The mountain's glaciers, ice-falls and challenging ridges were first explored in 1960 by an Austrian and Swiss expedition group. It would become the world's first climb that was to be assisted by a plane. Unfortunately, the plane crashed into the mountain and they were forced to leave it behind in its icy grave.
The closest airport to Dhaulagiri is Kathmandu. Climbing this formidable mountain is suggested during the months of April, May, September and October. The mountain range has fifteen peaks, which are all 7,000 meters in height, and the terrain is harsh and unforgiving. Hiking and mountaineering experience is definitely needed for the Dhaulagiri Mountain and the region surrounding the mountain is just as spectacular. It is home to the world’s deepest gorge, the Gandaki Gorge. The panoramic views and magnificent sights makes the Dhaulagiri climb worth every effort. It is recommended that climbers join a team or climbing outfit to ensure their safety and a carefree climb.

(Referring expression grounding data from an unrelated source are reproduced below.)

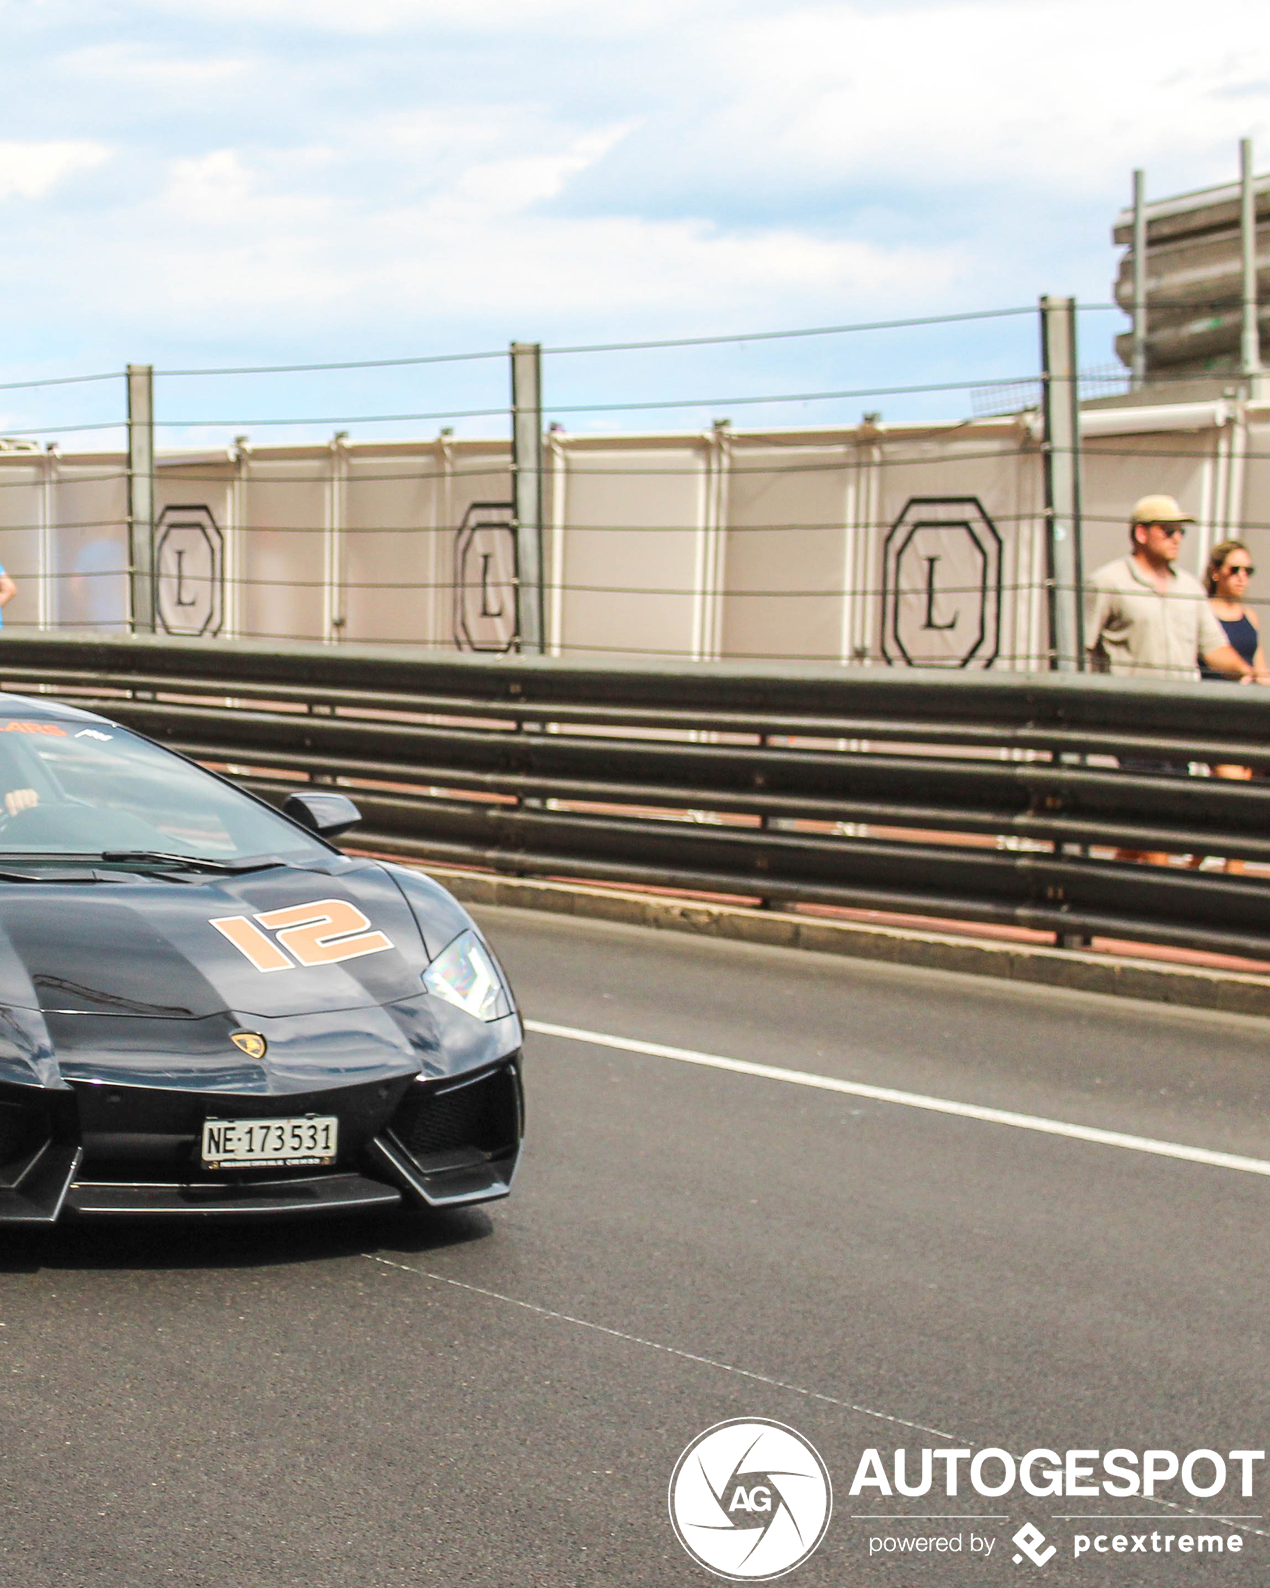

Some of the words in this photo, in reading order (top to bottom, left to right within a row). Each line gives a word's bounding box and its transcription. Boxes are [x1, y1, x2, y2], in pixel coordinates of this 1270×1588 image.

[176, 550, 196, 606] L
[480, 553, 504, 617] L
[922, 556, 959, 629] L
[208, 898, 395, 973] 12
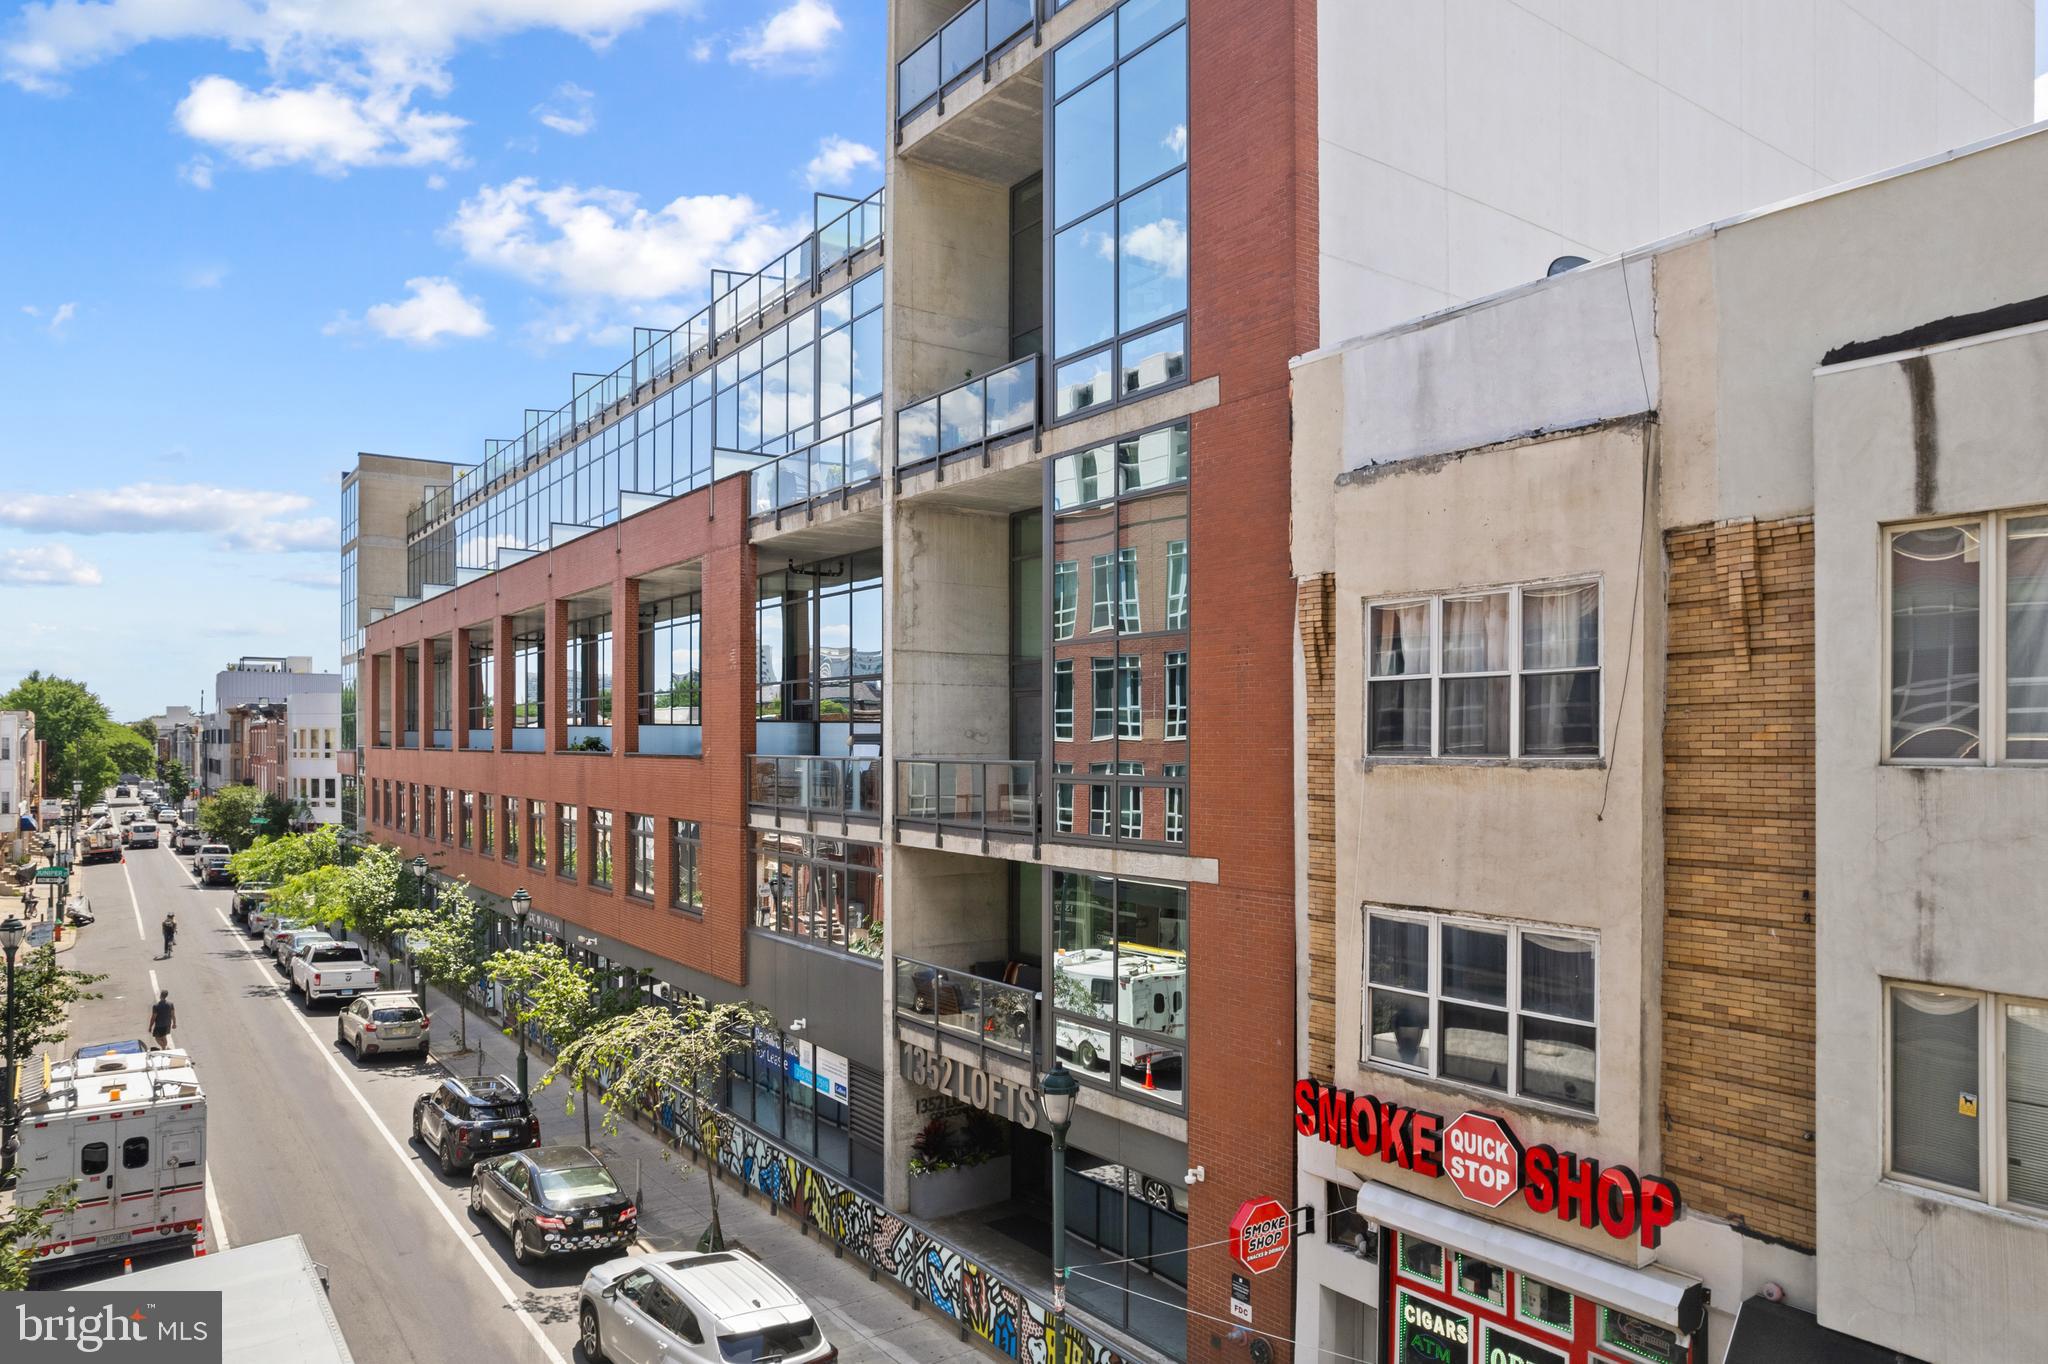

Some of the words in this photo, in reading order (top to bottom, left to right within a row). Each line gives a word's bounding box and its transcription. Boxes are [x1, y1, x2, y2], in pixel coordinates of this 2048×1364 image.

[904, 1044, 953, 1097] 1352
[958, 1062, 1037, 1129] LOFTS
[1295, 1078, 1444, 1178] SMOKE
[1524, 1144, 1681, 1250] SHOP
[1450, 1128, 1509, 1165] QUICK
[1450, 1156, 1510, 1191] STOP
[1244, 1215, 1287, 1240] SMOKE
[1248, 1231, 1282, 1253] SHOP
[1234, 1304, 1249, 1317] FDC
[1404, 1304, 1468, 1345] CIGARS
[1410, 1332, 1451, 1364] ATM

Amidst all the beauty it is easy to forget that the mountain is still dangerous. Altitude sickness, avalanches and injuries are part and parcel of the thrill in conquering mountains. But, in some cases, the thrill becomes all too real. In 1969, Dhaulagiri took the lives of Boyd N Everett Jr and his expedition. Only two members of the original party survived that avalanche, as Louis Reichardt was fortunate not to have been in the path of the avalanche and William Read was evacuated the day before due to pulmonary edema. Viewed as the worst disaster in the mountaineering history of Nepal, none of the bodies were ever recovered. The world was reminded yet again of the dangers of the mountain in 1998. Chantal Mauduit and her Sherpa companion, Tshering, were both killed in their tents by a small avalanche. Mauduit was a well-liked and popular French Alpinist and her tragic death reminded everyone with a love for the mountains never to lose respect for the silent giants of the planet.